Virtual Mailbox in Orlando, FL
Orlando, located in Florida's Orange County, serves as a major hub for the state's central region with a metropolitan population of approximately 2.9 million residents as of 2024. A virtual mailbox, also known as a Commercial Mail Receiving Agency (CMRA), provides mail forwarding and management services for businesses and individuals in the area. It is important to note that a virtual mailbox cannot serve as a registered agent for a business entity under Florida law, regardless of the provider selected.
When establishing a virtual mailbox in Orlando, Florida's regulations require specific procedures for certain documents.
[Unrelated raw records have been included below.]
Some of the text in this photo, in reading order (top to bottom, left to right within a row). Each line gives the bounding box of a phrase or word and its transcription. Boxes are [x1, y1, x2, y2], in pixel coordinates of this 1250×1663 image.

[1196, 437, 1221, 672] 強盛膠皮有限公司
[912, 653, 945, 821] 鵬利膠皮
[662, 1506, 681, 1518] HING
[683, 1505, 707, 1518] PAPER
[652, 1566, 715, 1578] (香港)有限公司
Notably, the state permits remote online notarization (RON) for Form 1583 witnessing, which streamlines certain mailbox-related processes. Provider availability in this location is drawn from authorized affiliate feeds, though no specific providers are asserted here. For current, accurate information about virtual mailbox options and state requirements, consult the official Florida Secretary of State website. This overview provides factual context only and does not constitute legal advice.
Providers are added from an authorized feed. This page does not assert that any specific virtual-mailbox provider operates in this city; the page-ready facts here are the metro's size and the state rule that governs.
| Detail | As the rule stands |
|---|---|
| Can a virtual mailbox be your registered agent? | No (a PMB cannot be your registered agent) |
| Can it be your LLC business address? | Generally yes — verify |
| Online notarization (RON) for Form 1583 | Online notarization (RON) available |
| Form 1583 witnessing | Notary or CMRA-owner witness (in person or by A/V) |
| PMB designator (address line) | 'PMB <number>' or '# <number>' (USPS DMM 508.1.4) |
| Governing citation | Fla. Stat. §117.201 et seq.; USPS DMM 508.1.8 |
Full Florida rules → · Check another state →
Compiled from the USPS federal baseline (DMM 508 / 39 CFR) and the state notary/RON statute, and verified June 2026. Always confirm the current rule on the official state Secretary of State / notary page before you rely on it — RON law is still moving. How we compile this. Informational only, not legal advice.